Note that retweets are not reflected in the conversational structure we consider using RST, since the retweeting account does not itself make a statement. This could be modified by assigning multiple authors to a retweeted statement, but this is misleading given that, as the standard disclaimer notes, retweets are not endorsements.
Research Approach
The purpose of this analysis is to indicate whether the organizations were involved in 1-way (broadcast-type) communication, whether they replied but did not engage, or whether there was the type of more intensive communication that social media allow. In the cases in which there was communication, we wish to understand the form of that conversation.
The analysis performed in this paper focuses on conversation and does not involve content analysis. While traditional content analyses are valuable, such methods struggle to capture context and interaction. Reference Smith and Gallicano30 In contrast, our approach is particularly appropriate for understanding whether and how organizations engaged with the public, especially given large and massive multi-user data sets.

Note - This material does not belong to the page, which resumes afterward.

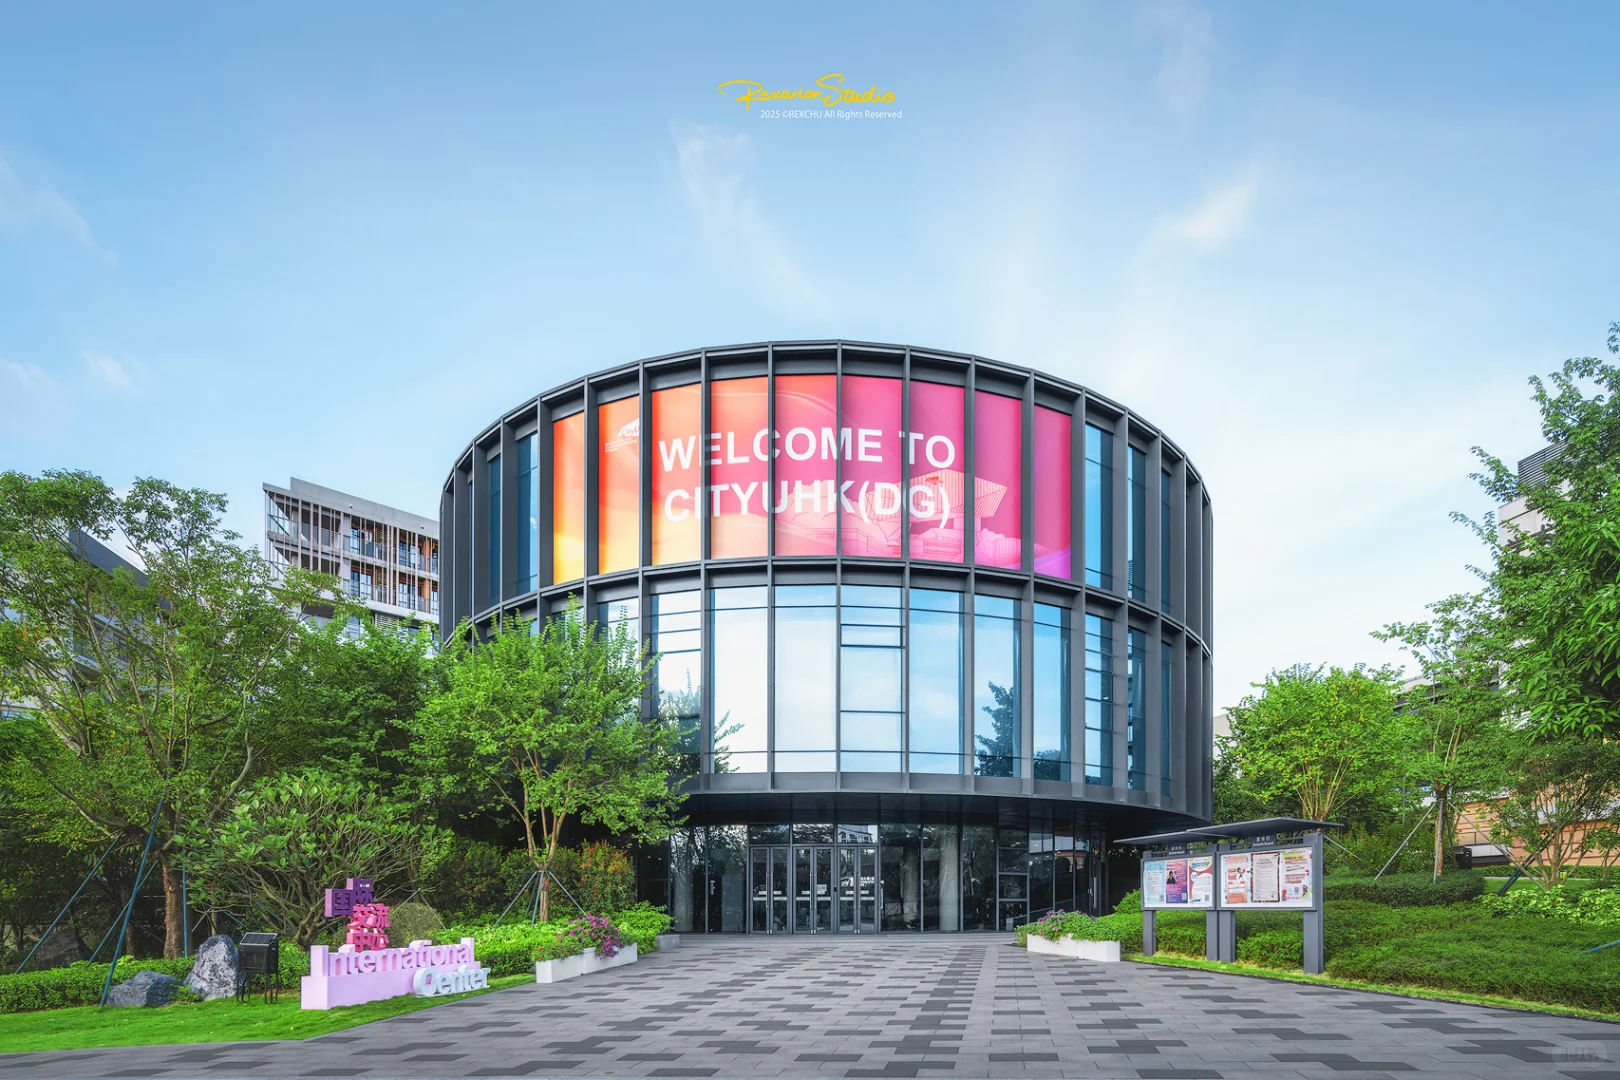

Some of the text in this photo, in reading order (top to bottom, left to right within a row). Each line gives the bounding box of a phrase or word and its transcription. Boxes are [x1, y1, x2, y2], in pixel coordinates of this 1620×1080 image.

In the first stage, we defined engagement. The term is used differently in public health, in risk communication, and in social media. In public health, engagement can mean participation in an intervention or interacting with health providers. In social media, it is interaction with the content with the user interface – expanding the tweet, liking it, retweeting, or replying. But Smith and Gallicano Reference Smith and Gallicano30 point out the critical difference between interaction with content, mental engagement with the topic, and having an interactive discussion that is critical for risk communication. We are focused on this last form of engagement, which we call conversation. Unfortunately, typical metrics, such as likes and retweets, measure success at broadcasting, and are indications of “reach an agreement” rather than indicating engagement relevant for risk communication, that is, conversation.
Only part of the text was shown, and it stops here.